Sunday, November 25, 2012

Timezones in Node

I won't get into the details of my current little project but it involves porting over some functionality from Python. This has generally been going well, but I ran into a problem when I was trying to port over this bit of code to get a formatted time in a particular timezone:
import pytz, datetime

timeformat = '%Y-%m-%dT%H:%M:%S.%f'
timezone = pytz.timezone('US/Pacific')
timenow = datetime.datetime.now(timezone)
formattedtime = timenow.strftime(timeformat)

I actually only realized that I needed this after deploying my app to Azure. My local time is in the right timezone so everything was working locally, but apparently Azure servers run in UTC and, after a bit of poking around, I discovered that there was no good way of changing this.

I figured this would be a fairly simple fix, since this is surely a common task, so I started searching around. I found two packages that seemed to do what I wanted, node-time and timezone-js. node-time looked ideal, but I was unable to pull it in to my dependencies without running into compile errors. I'm sure I could have worked it out eventually, but I wasn't too confident in being able to fix it on the Azure side so I gave up on that. TimezoneJS also looked promising, but seems like it was designed for client-side code rather than backend Node.js. A few hours later I've worked out how to set it up properly for node, so I figured I should write a bit about it.

I'm using TypeScript, so I made a definition file and slowly filled it in with the required definitions as I wrote the code. I will probably clean it up and submit it to this lovely repo eventually, but I've just put it up on a gist for now.
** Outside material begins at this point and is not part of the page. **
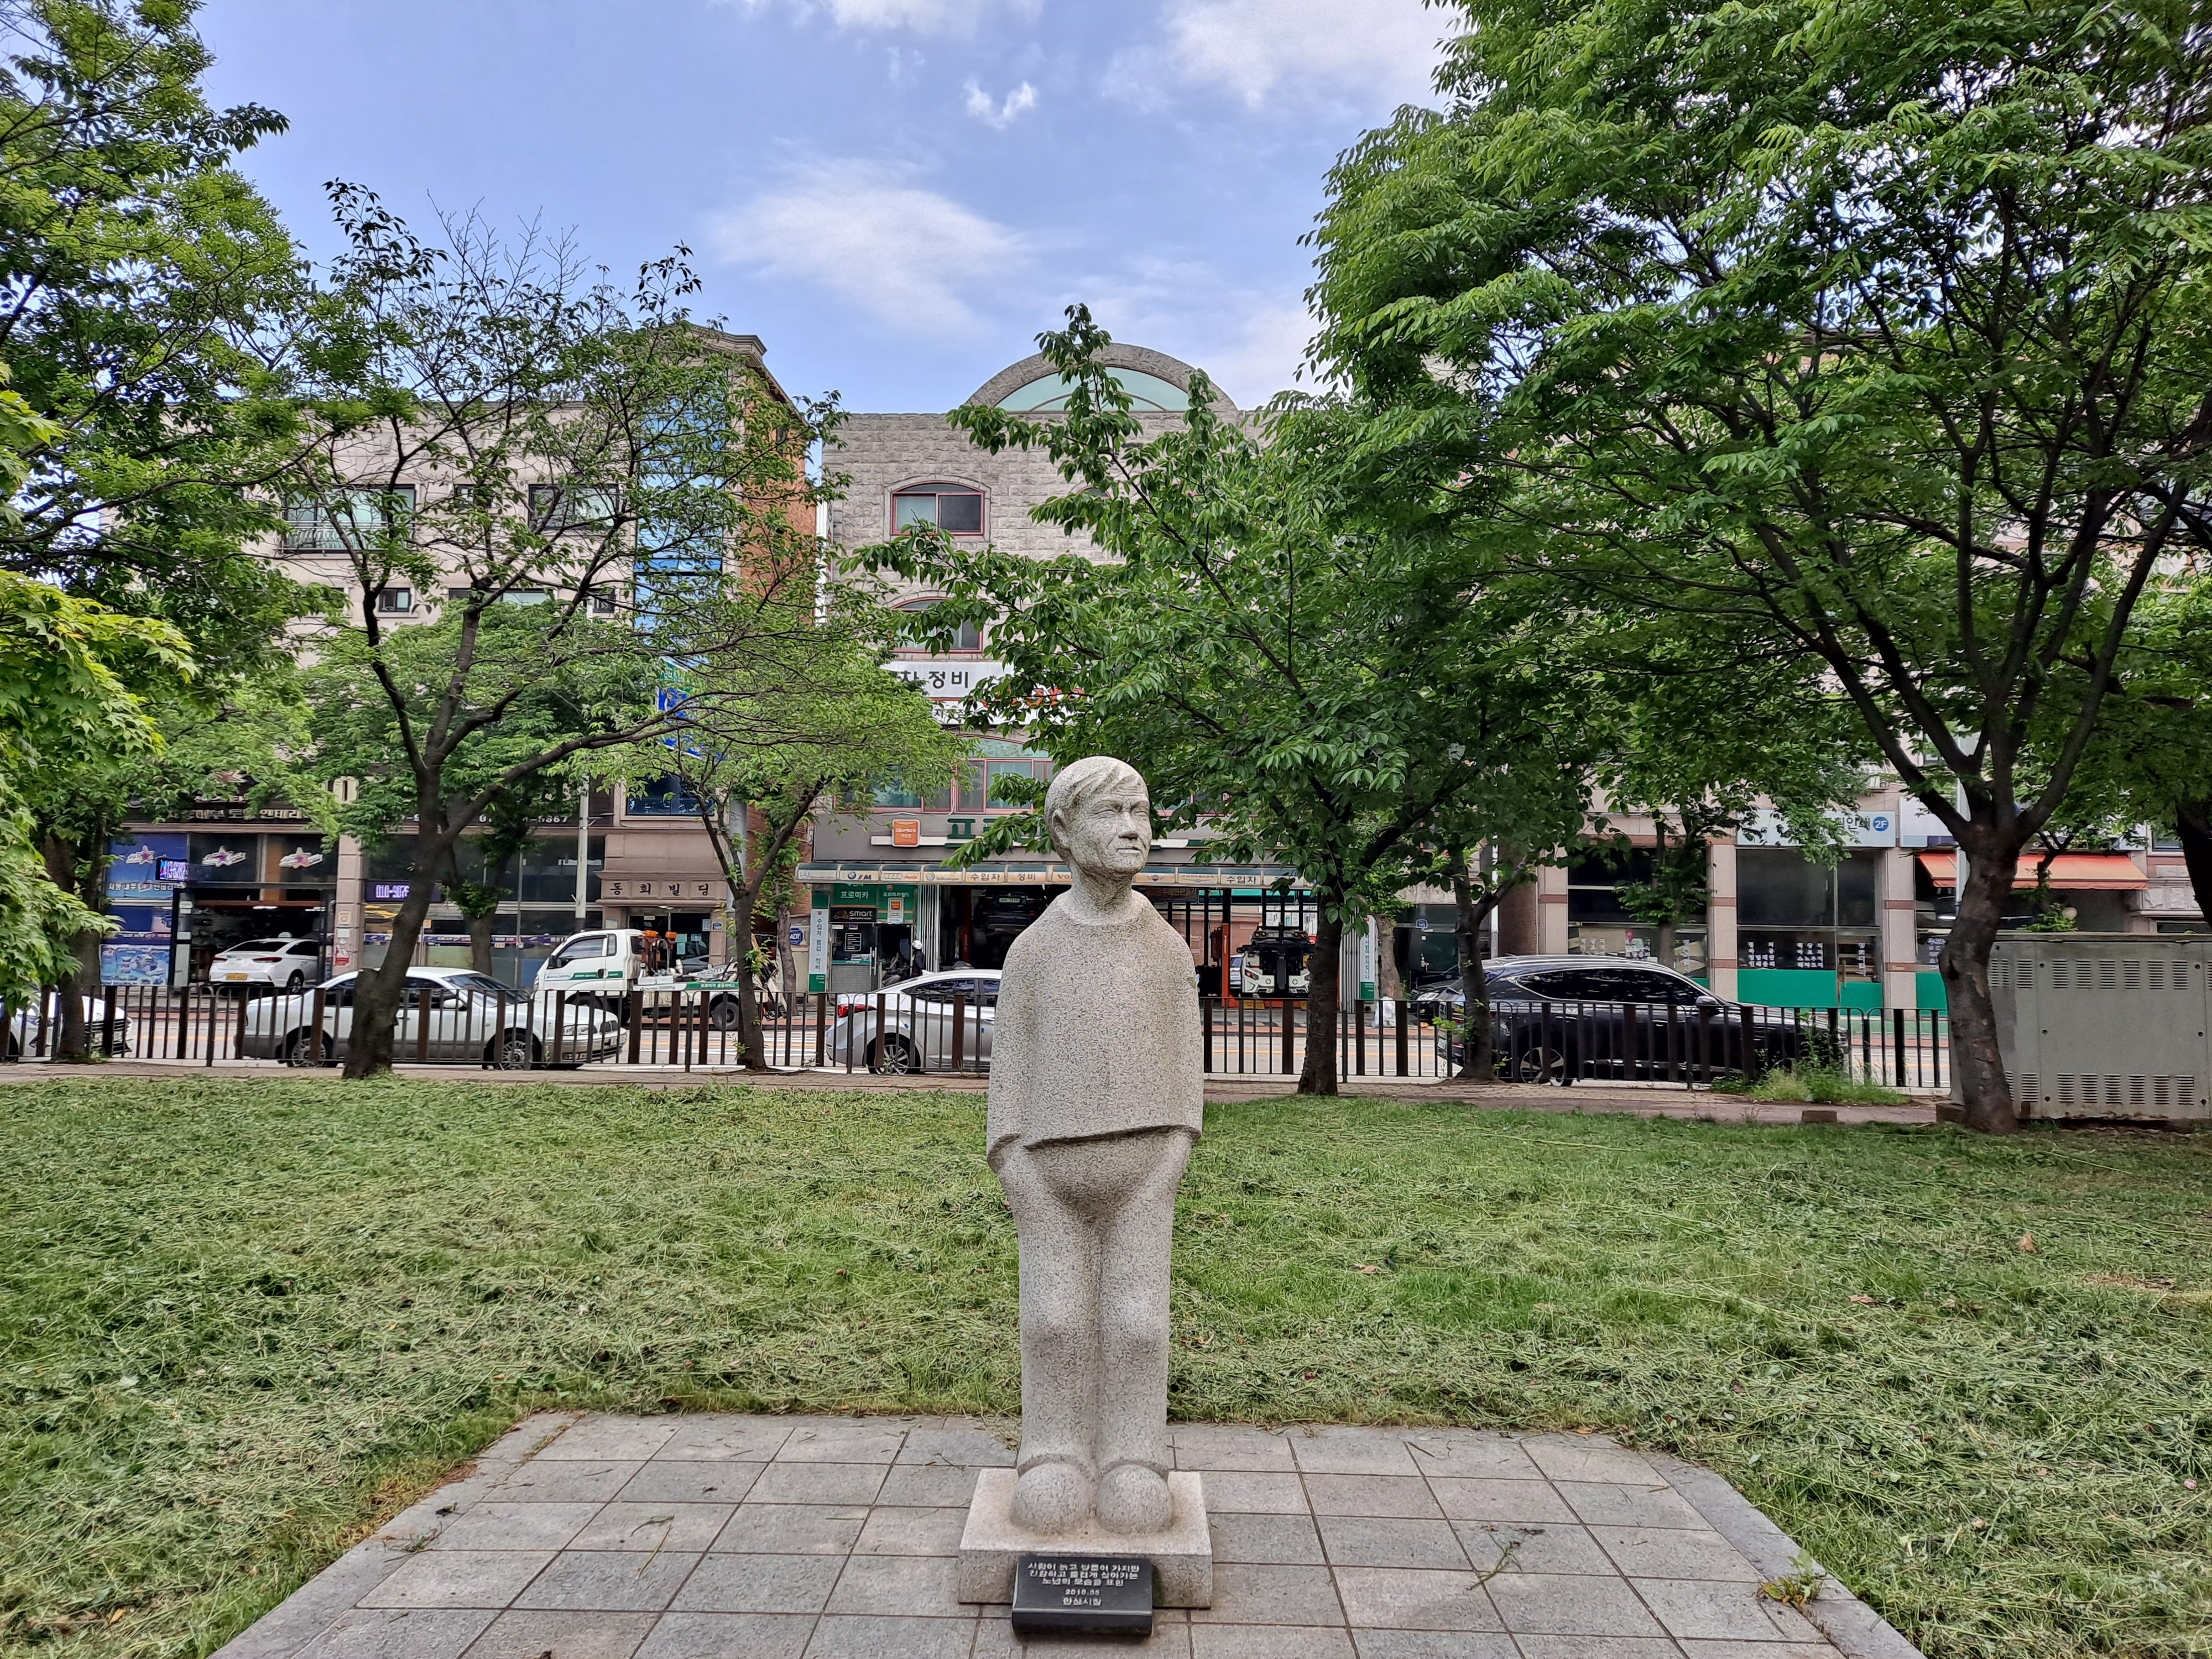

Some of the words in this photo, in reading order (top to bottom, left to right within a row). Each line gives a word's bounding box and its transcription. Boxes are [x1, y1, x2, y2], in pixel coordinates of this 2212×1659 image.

[1875, 820, 1887, 829] 2F
[1017, 873, 1036, 881] 정비
[1112, 1564, 1140, 1572] 가지만
Since TimezoneJS is designed with client-side in mind, its default setup is to only pull in timezone information as it is required and to do that by using web requests. It took a bit of poking around the code, but it turns out that it is possible to set it up how you would expect server-side code to work, by getting it to pull in all timezone information from the filesystem on startup. The first step is to download the timezone files as it says on the setup instructions and put them in a folder in the project root. You then have to tell the library where that folder is, get it to load everything straight away, and change the transport method so that it loads from file rather than requesting a URL (this loader actually comes from the test-utils.js file in the timezone-js repo). You then initialize the timezones, I chose to do this synchronously since I'm doing it on startup so making this a blocking call isn't really an issue.
import tzjs = module("timezone-js")
import fs = module('fs');

export function init() {
    tzjs.timezone.zoneFileBasePath = './tz';
    tzjs.timezone.loadingScheme = tzjs.timezone.loadingSchemes.PRELOAD_ALL;
    tzjs.timezone.transport = function (opts) {
        if (opts.async) {
            if (typeof opts.success !== 'function') return;
            opts.error = opts.error || console.error;
            return fs.readFile(opts.url, 'utf8', function (err, data) {
                return err ? opts.error(err) : opts.success(data);
            });
        }
        return fs.readFileSync(opts.url, 'utf8');
    };

    tzjs.timezone.init({ async: false });
}

Now we can create dates with a specified timezone (new tzjs.Date(timezoneName)) and set a date's timezone (date.setTimezone(timezoneName)), but it is still a bit of a hassle to format the date. This is where Moment.js comes in. Moment doesn't work too well with timezones, but we can use it to translate UTC times to the timezone we want by subtracting the timezone offset from our date objects. To make things as simple as possible, I made a little helper function that would give me a moment object, offset by a specified timezone:
import moment = module("moment")
import tzjs = module("timezone-js")

export function momentInTimezone(timezoneName: string): moment.Moment {
    var timezone = new tzjs.Date(timezoneName);
    return moment.utc().subtract('minutes', timezone.getTimezoneOffset());
}

And there you have it, after running init, I can now format the local time in any timezone in one line:
import dateutils = module("./dateutils")

dateutils.init();

console.log("Time in Seattle: " + dateutils.momentInTimezone('America/Los_Angeles').format('MMMM Do YYYY, h:mm:ss a'));
console.log("Time in Brisbane: " + dateutils.momentInTimezone('Australia/Brisbane').format('MMMM Do YYYY, h:mm:ss a'));
console.log("Time in UTC: " + dateutils.momentInTimezone('UTC').format('MMMM Do YYYY, h:mm:ss a'));

Output:
Time in Seattle: November 25th 2012, 2:58:06 pm
Time in Brisbane: November 26th 2012, 8:58:06 am
Time in UTC: November 25th 2012, 10:58:06 pm

I've put the full dateutils file on a gist, but I'm tempted to turn it into my first public npm package.